Серьезность в классовой культуре официальна, авторитарна, сочетается с насилием, запретами, ограничениями. В такой серьезности всегда есть элемент страха и устрашения. В средневековой серьезности этот элемент резко доминировал. Смех, напротив, предполагал преодоление страха. Не существует запретов и ограничений, созданных смехом. Власть, насилие, авторитет никогда не говорят на языке смеха.

Особенно остро ощущал средневековый человек в смехе именно победу над страхом. И ощущалась она не только как победа над мистическим страхом («страхом божиим») и над страхом перед силами природы, – но прежде всего как победа над моральным страхом, сковывающим, угнетающим и замутняющим сознание человека: страхом перед всем освященным и запретным («мана» и «табу»), перед властью божеской и человеческой, перед авторитарными заповедями и запретами, перед смертью и загробными воздаяниями, перед адом, перед всем, что страшнее земли. Побеждая этот страх, смех прояснял сознание человека и раскрывал для него мир по-новому. Эта победа, правда, была только эфемерной, праздничной, за нею снова следовали будни страха и угнетения, но из этих праздничных просветов человеческого сознания складывалась другая неофициальная правда о мире и о человеке, которая подготовляла новое ренессансное самосознание.

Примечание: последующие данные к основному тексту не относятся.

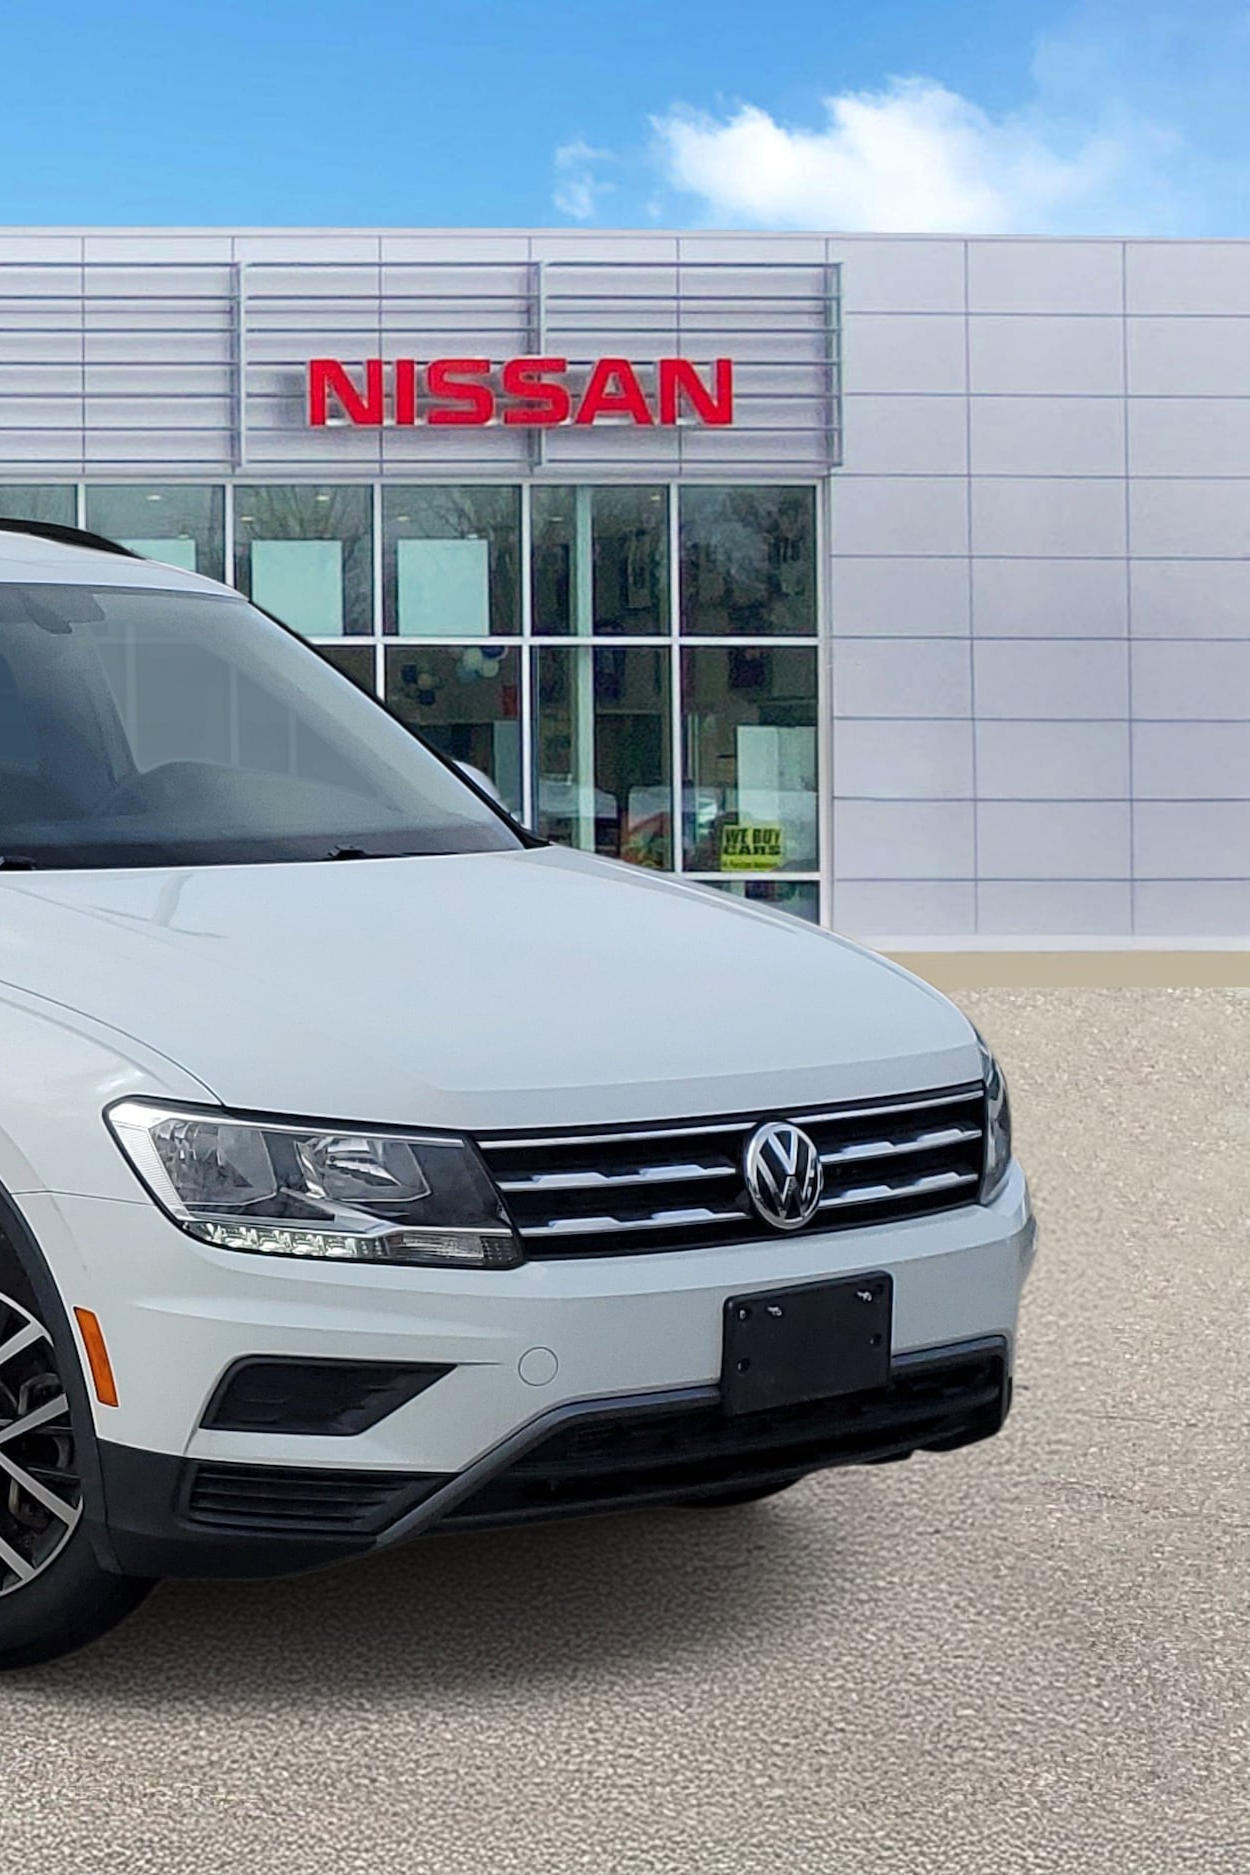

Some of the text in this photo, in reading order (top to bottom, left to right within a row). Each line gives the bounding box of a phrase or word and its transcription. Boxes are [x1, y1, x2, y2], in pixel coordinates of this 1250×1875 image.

[308, 358, 733, 425] NISSAN
[725, 828, 781, 844] WE BUY
[723, 845, 781, 855] CARS
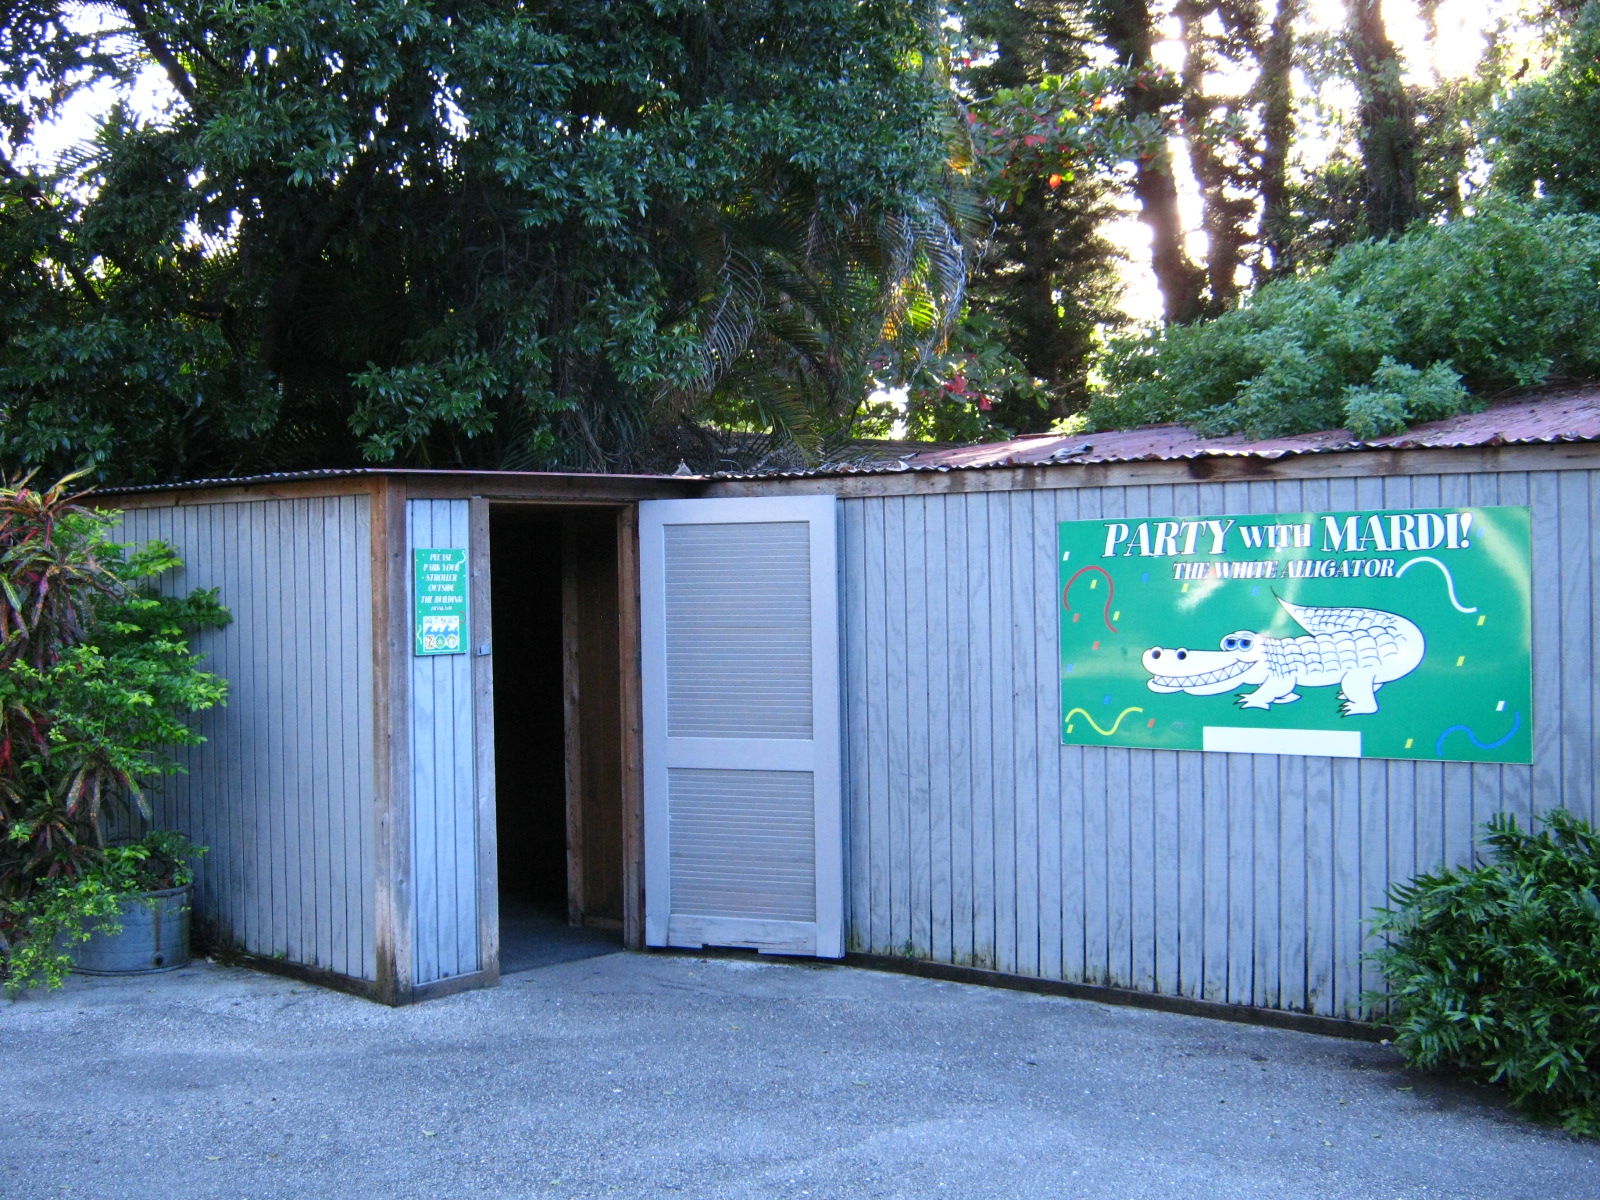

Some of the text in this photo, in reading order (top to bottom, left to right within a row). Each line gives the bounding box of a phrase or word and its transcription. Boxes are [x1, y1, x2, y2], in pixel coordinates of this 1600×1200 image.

[1101, 512, 1474, 558] PARTY WITH MARDI!
[430, 554, 452, 562] PLEASE
[424, 564, 460, 572] PARK YOUR
[1172, 557, 1397, 580] THE WHITE ALLIGATOR
[426, 574, 457, 582] STROLLER
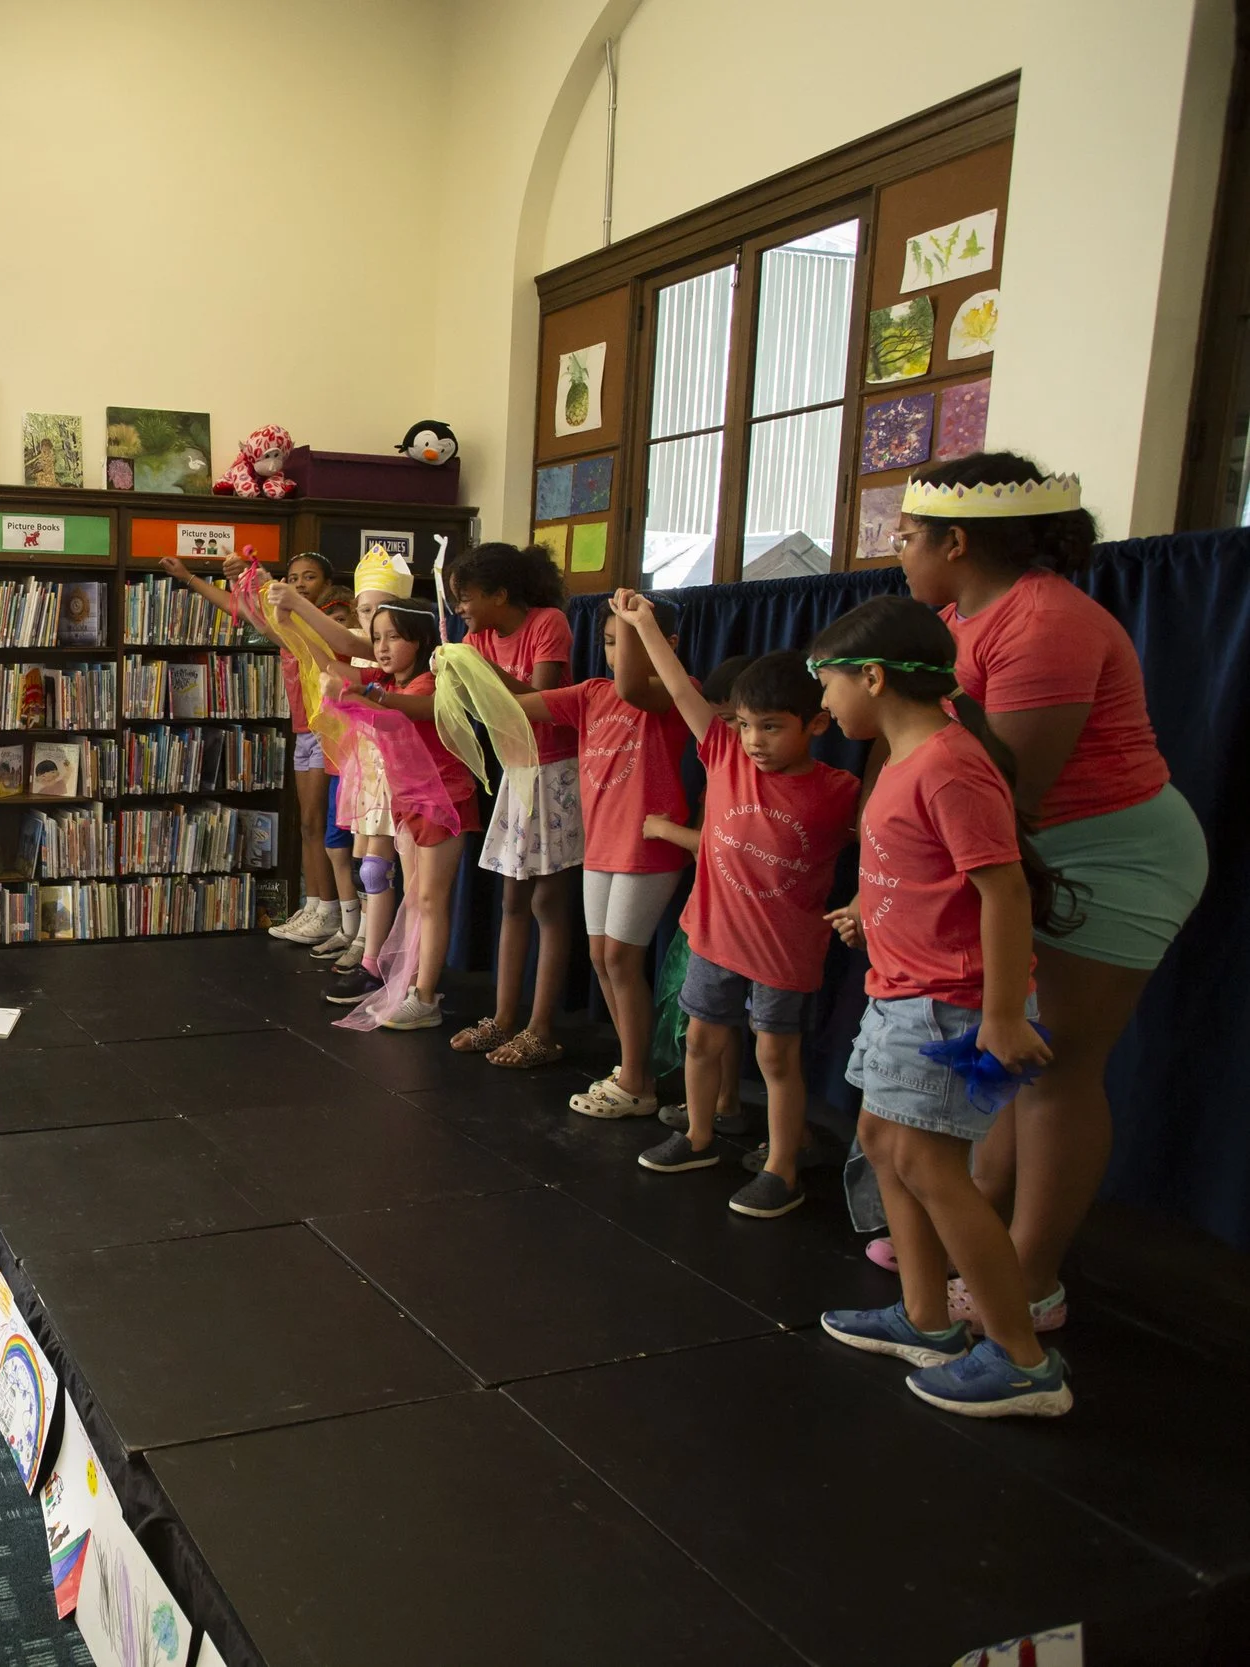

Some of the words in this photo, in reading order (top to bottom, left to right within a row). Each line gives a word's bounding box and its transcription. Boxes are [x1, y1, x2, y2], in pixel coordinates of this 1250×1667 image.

[7, 522, 35, 531] Picture
[37, 523, 60, 531] Books
[181, 529, 208, 538] Picture
[209, 530, 231, 540] Books
[586, 716, 604, 737] AUGH
[611, 757, 637, 786] RUCKUS
[724, 803, 761, 821] LAUGH
[761, 807, 792, 824] SING
[792, 821, 811, 854] MAKE
[713, 825, 741, 849] Studio
[743, 842, 811, 873] Playground
[758, 878, 797, 900] RUCKUS

Острое ощущение победы над страхом – очень существенный момент средневекового смеха. Это ощущение находит свое выражение в ряде особенностей смеховых образов средневековья. В них всегда наличен этот побежденный страх в форме уродливо-смешного, в форме вывернутых наизнанку символов власти и насилия, в комических образах смерти, в веселых растерзаниях. Все грозное становится смешным. Мы уже говорили, что к числу обязательных аксессуаров карнавала относилось гротескное сооружение, называвшееся «адом»; «ад» этот обычно торжественно сжигался в кульминационный момент праздника. Вообще нельзя понять гротескного образа без учета этого момента побежденного страха. Со страшным играют и над ним смеются: страшное становится «веселым страшилищем». Но нельзя понять гротескного образа, если упрощать этот момент и пытаться истолковывать весь образ в духе отвлеченной рационализации его. Нельзя сказать, где кончается побежденный страх и где начинается радостное веселье. Тот же карнавальный ад – это поглощающая и рождающая земля, он часто оборачивается рогом изобилия, страшилище – смерть – оказывается беременной; разные уродства – все эти выпяченные животы, громадные носы, горбы и т.п. – оказываются признаками беременности или производительной силы. Победа над страхом не есть его отвлеченное устранение, но это есть одновременно и его развенчание, и его обновление, его переход в веселье: лопнул «ад» и рассыпался рогом изобилия.

Мы сказали, что средневековый смех побеждал страх перед тем, что страшнее земли. Все неземное страшное оборачивалось землею, она же – родная мать, поглощающая, чтобы родить сызнова, родить большее и лучшее. На земле не может быть ничего страшного, как не может его быть на материнском теле, где кормящие сосцы, где рождающий орган, где теплая кровь. Земное страшное – это детородный орган, телесная могила, но она расцветает наслаждением и новыми рождениями.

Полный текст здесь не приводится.